Men are writing female protagonists, and they are placing them in a male world, with little to no understanding of women’s lives. Molly Bloom–oh the irony of that name, given James Joyce’s fascination with a female character that never resulted in a true understanding of anything female–doesn’t reveal anything about women. She uses her wits, cunning and beauty to make a lot of money, but Sorkin doesn’t understand the cost of this, or the cost of the constant sexual offers, or the struggle to hold one’s own in this world. And then, when Molly gets beaten up, it’s not at all sexual. NOT. AT. ALL. The guy doesn’t even seem to get off on it. And you know, I just don’t believe that. Not in the world of “me, too.”

Molly’s Game is not a feminist movie. It foregrounds only one female character, and explores nothing about women’s lives, relationships (she doesn’t have a single boyfriend the 12 years the movie covers, let alone serious friendships with other women). How, then, can Sorkin still be the voice for the liberal sweet spot? His morality is getting a little boring for this viewer, and the use of voiceover to cover missing character development (including an addictive progression) is RIDICULOUS. Maybe we’re growing past what he has to offer.

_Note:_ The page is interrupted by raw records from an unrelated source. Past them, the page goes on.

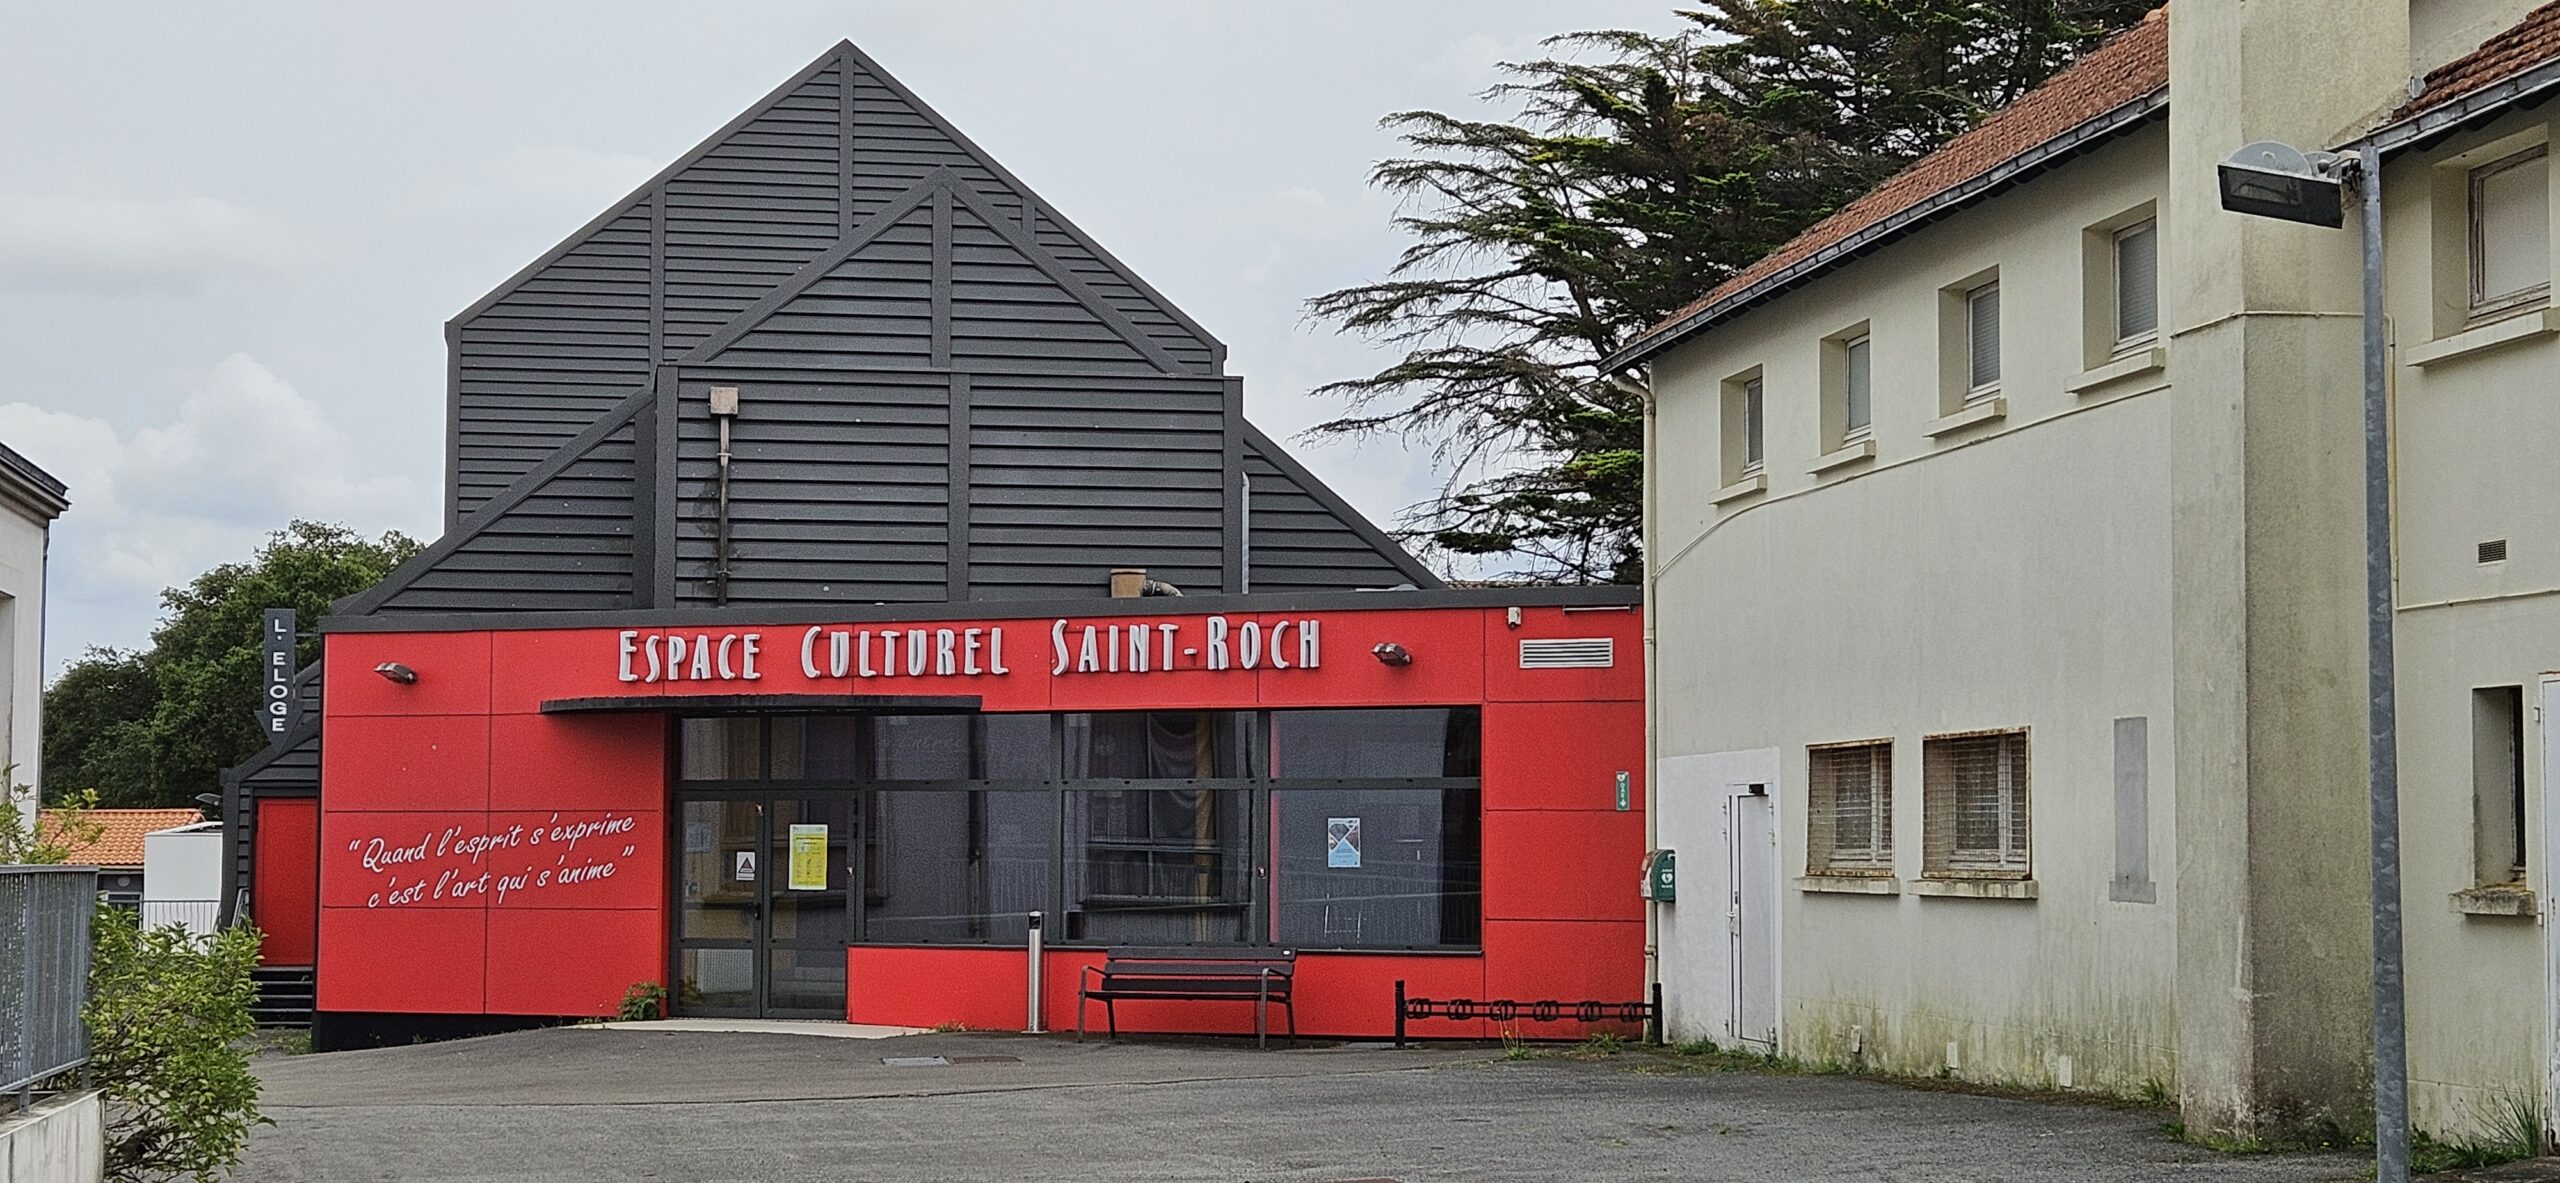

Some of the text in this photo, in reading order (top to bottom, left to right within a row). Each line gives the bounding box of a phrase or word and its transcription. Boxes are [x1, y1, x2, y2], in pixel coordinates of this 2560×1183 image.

[618, 615, 1321, 683] ESPACE CULTUREL SAINT-ROCH
[269, 651, 289, 732] ELOGE
[436, 824, 524, 864] l'esprit
[529, 812, 636, 850] s'exprime
[367, 876, 427, 908] c'est
[432, 868, 492, 900] l'art
[497, 866, 532, 904] qui

Of course, Hollywood is not a place in which ideas like cultural appropriation really get air time. But this movie is gender appropriation, and the writer–and make no mistake, the writing is always the star in Sorkin, because it’s words, words, words, flying at you all the time, when the image could speak for itself if he’d let it–has been ridiculously lazy in his research about women, their lives, their psyches, how they feel and what they want. (Incidentally, there are courses on line on how to write a good female protagonist, and none of them challenge the idea that a one size fits all will never do what we need, which is to tell women’s stories in women’s voices and in artistic structures men haven’t invented.)

So my problem is this–while Molly’s Game isn’t a terrible movie in and of itself, it is, above all things, a hypocritical movie by a man with so much ego he glorifies his own writing in the use of voiceover and doesn’t do the intellectual work his own politics should require that he do. Because the liberal sweet spot should include feminism 101, shouldn’t it?

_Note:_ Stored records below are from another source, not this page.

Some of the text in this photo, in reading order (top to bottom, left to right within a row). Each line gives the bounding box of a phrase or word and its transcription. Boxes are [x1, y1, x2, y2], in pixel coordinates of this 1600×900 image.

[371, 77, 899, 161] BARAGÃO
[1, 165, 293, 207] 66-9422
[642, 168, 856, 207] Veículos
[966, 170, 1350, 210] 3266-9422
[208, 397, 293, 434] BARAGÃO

I know, I should be more tolerant, and the making of Wonder Woman (a woman surrounded by men after the first maybe 20 minutes…and, yes, written by a woman, but who cares), of the new Star Wars (best of the bunch, but still no real understanding), of the upcoming Ocean’s 8, must be steps toward something, right?

No. They are a danger. Men have written about women throughout history without understanding women…let alone queer women and women of color. Movies that offer women characters that are distorted by the male eye, or are men in women’s clothing (think Hemingway), are a false offering. For years I’ve read almost exclusively female, queer and authors of color in order to educate my own eye, and in order to not go feral crazy. I may take it upon myself to do the same with film. Because a film or tv series produced, written and directed by a woman about a woman tells a different story, comes from a different eye, and holds a much deeper understanding. Of the fact that women aren’t like men. (Oh, for the feminism of Fay Weldon and the UK, which is self-critical as well as critical of the patriarchy. Even Caryl Churchill writes about the wrong turn feminism makes when women think equality consists of being like men in a men’s world.)

Molly’s Game? Wait until it’s on Netflix if you’re hungry for the old Sorkin liberal sweet spot. And watch The Marvelous Mrs. Maisel now instead. It’s truly subversive in so many ways. And the writing’s better, the characters way deeper and more idiosynchratic. The morality is way more subtle and challenging. And it’s WRITTEN BY A WOMAN.

Sorry, Aaron. Grow more deeply into your obsessions and tell more of the truth. Like, write a main character who doesn’t understand women or intimacy, becomes aware of this, and learns to, and I’ll buy a ticket.